It is high time to liberate the power of the 80/20 Principle and use it beyond business. Business and the capitalist system are exciting and important parts of life, but they are basically procedures, the envelope of life, but not its contents. The most precious part of life lies in the inner and outer lives of individuals, in personal relationships and in the interactions and values of society.

Part Three attempts to relate the 80/20 Principle to our own lives, to achievement, and to happiness. Part Four explores how the 80/20 Principle is intrinsic to the advance of civilization, to progress in society. Parts Three and Four are more speculative and less proven than what we have covered thus far, but are potentially even more important. The reader is asked to collaborate in the expedition to the unknown that we are about to begin.

 

PART
THREE

 

WORK LESS, EARN AND ENJOY MORE

 

 

9

 

BEING FREE

 

The 80/20 Principle, like the truth, can make you free. You can work less. At the same time, you can earn and enjoy more. The only price is that you need to do some serious 80/20 Thinking. This will yield a few key insights that, if you act on them, could change your life.

And this can happen without the baggage of religion, ideology, or any other externally imposed view. The beauty of 80/20 Thinking is that it is pragmatic and internally generated, centered around the individual.

There is a slight catch.
You
must do the thinking. You must “editionize” and elaborate what is written here for your own purposes. But this shouldn’t be too difficult.

The insights from 80/20 Thinking are few in number but very powerful. Not all of them will apply to every reader, so if you find your experience different, skip along until you meet the next insight that does resonate with your own position.

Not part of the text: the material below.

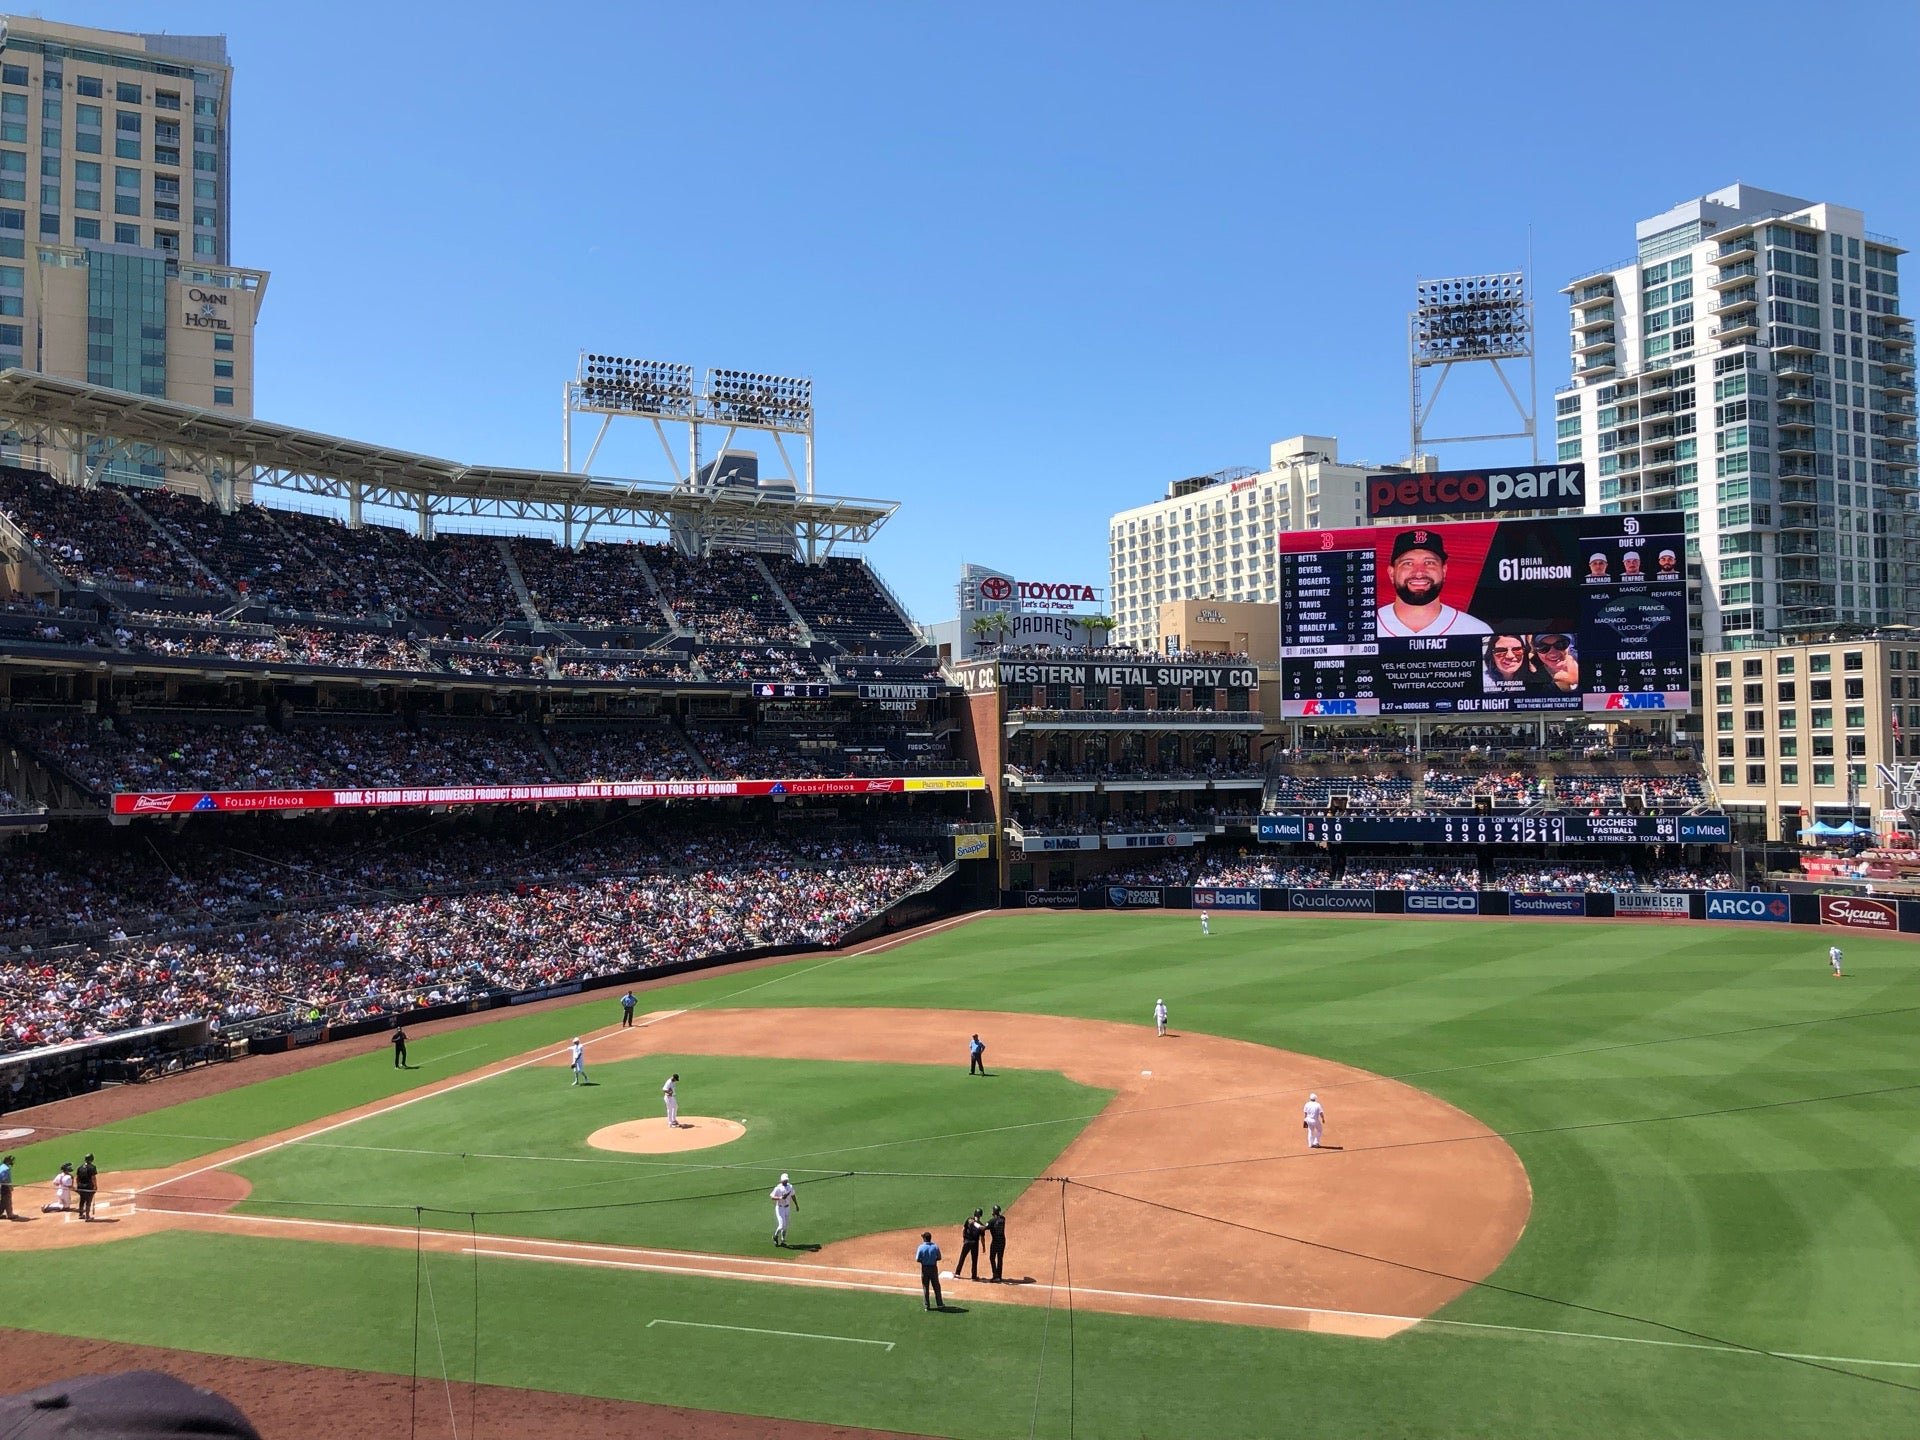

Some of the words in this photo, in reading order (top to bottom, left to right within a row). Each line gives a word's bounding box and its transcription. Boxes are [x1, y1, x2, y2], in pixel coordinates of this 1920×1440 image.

BECOME AN 80/20 THINKER, STARTING WITH YOUR OWN LIFE

 

My ambition is not just to serve up insights from 80/20 Thinking and have you tailor them to your own life. I am actually much more ambitious than that. I want you to lock on to the nature of 80/20 Thinking so that you can develop your own insights, both particular and general, which have not crossed my mind. I want to enlist you in the army of 80/20 thinkers, multiplying the amount of 80/20 Thinking let loose in the world.

The common attributes of 80/20 Thinking are that it is reflective, unconventional, hedonistic, strategic, and nonlinear; and that it combines extreme ambition (in the sense of wanting to change things for the better) with a relaxed and confident manner. It is also on the constant lookout for 80/20-type hypotheses and insights. Some explanation of these areas will provide a pointer to how to conduct 80/20 Thinking so you will know when you are on the right track.

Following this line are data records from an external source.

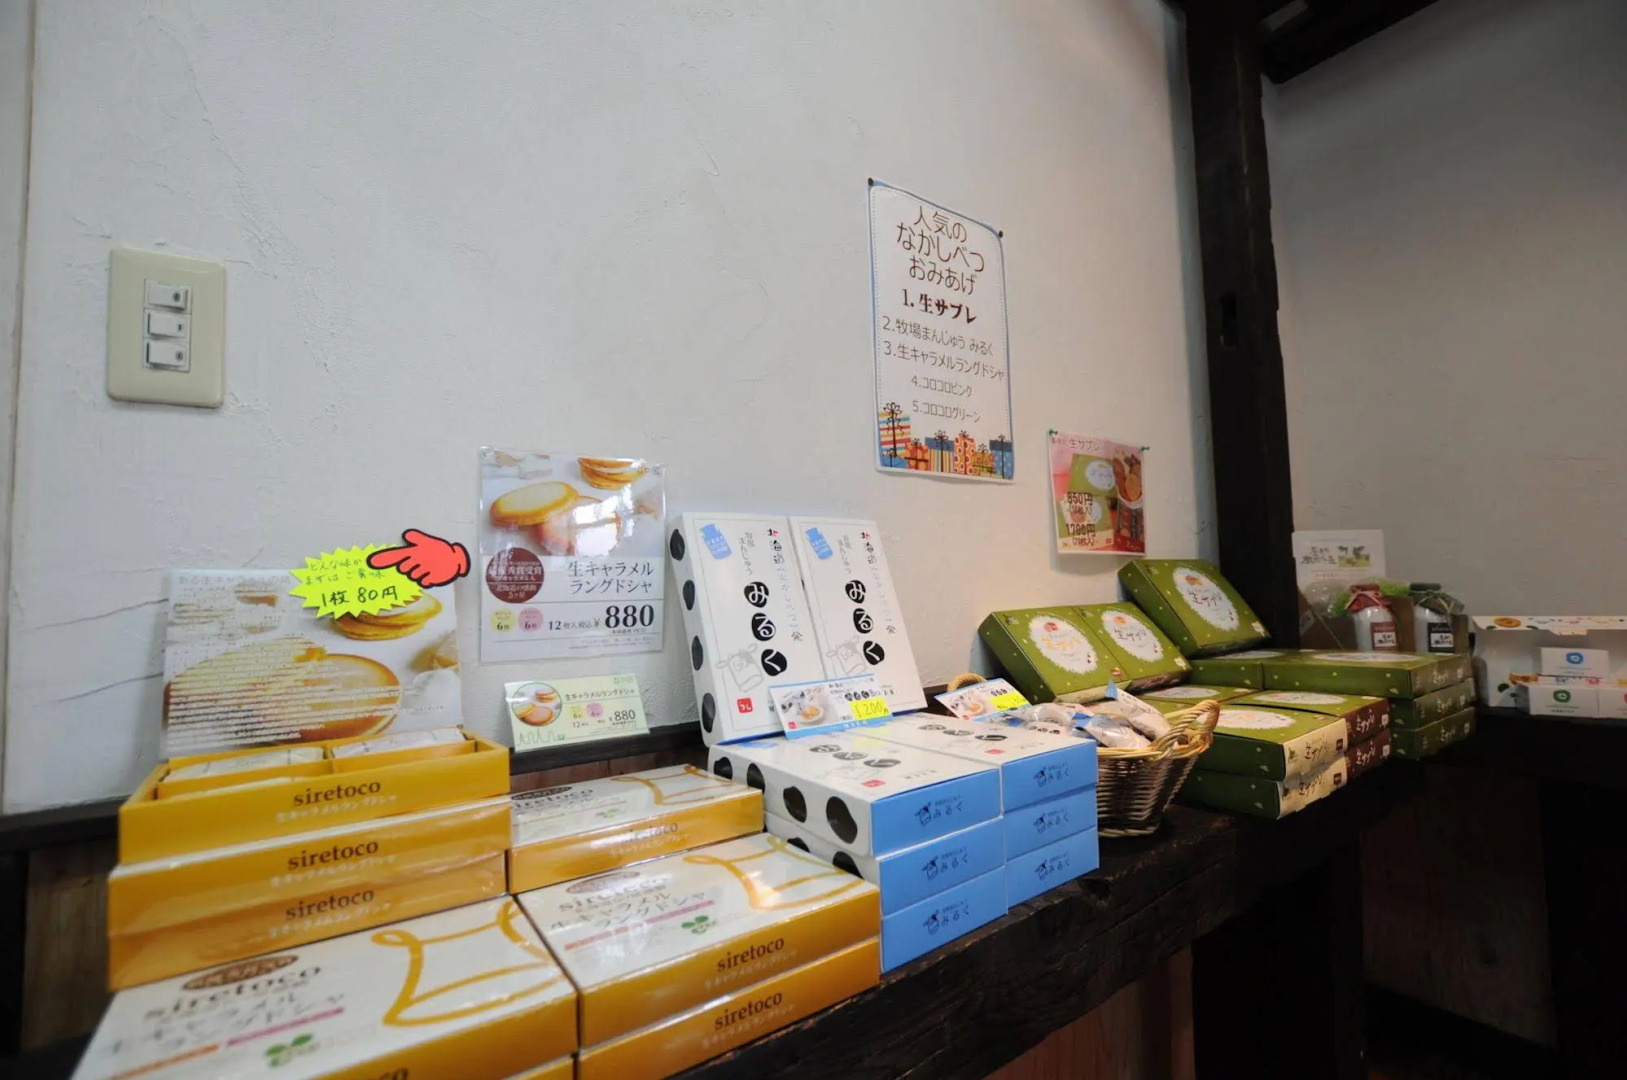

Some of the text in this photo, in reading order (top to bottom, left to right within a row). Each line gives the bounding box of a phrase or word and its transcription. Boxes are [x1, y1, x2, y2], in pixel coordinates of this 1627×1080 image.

[913, 205, 967, 243] 人気の
[896, 222, 985, 272] なかしべつ
[908, 254, 978, 295] おみあげ
[568, 560, 654, 578] 生キャラメル
[357, 585, 398, 604] 80円
[570, 579, 653, 595] ラングドシャ
[744, 581, 788, 677] みるく
[845, 580, 885, 666] みるく
[293, 781, 382, 806] siretoco
[287, 841, 379, 871] siretoco
[285, 890, 375, 920] siretoco
[717, 938, 785, 972] siretoco
[715, 992, 783, 1031] siretoco

80/20 THINKING IS REFLECTIVE

 

The objective of 80/20 Thinking is to generate action which will make sharp improvements in your life and that of others. Action of the type desired requires unusual insight. Insight requires reflection and introspection. Insight sometimes requires data gathering, and we will indulge gently in a little of this as it relates to your own life. Often, insight can be generated purely by reflection, without the explicit need for information. The brain already has much more information than we can imagine.

80/20 Thinking is different from the type of thinking which prevails today. The latter is usually rushed, opportunistic, linear (for example,
x
is good or bad, what caused it?), and incrementalist. The predominant type of thinking in today’s world is very closely allied to immediate action and consequently is greatly impoverished. Action drives out thought. Our objective, as 80/20 thinkers, is to leave action behind, do some quiet thinking, mine a few small pieces of precious insight, and then act: selectively, on a few objectives and a narrow front, decisively and impressively, to produce terrific results with as little energy and as few resources as possible.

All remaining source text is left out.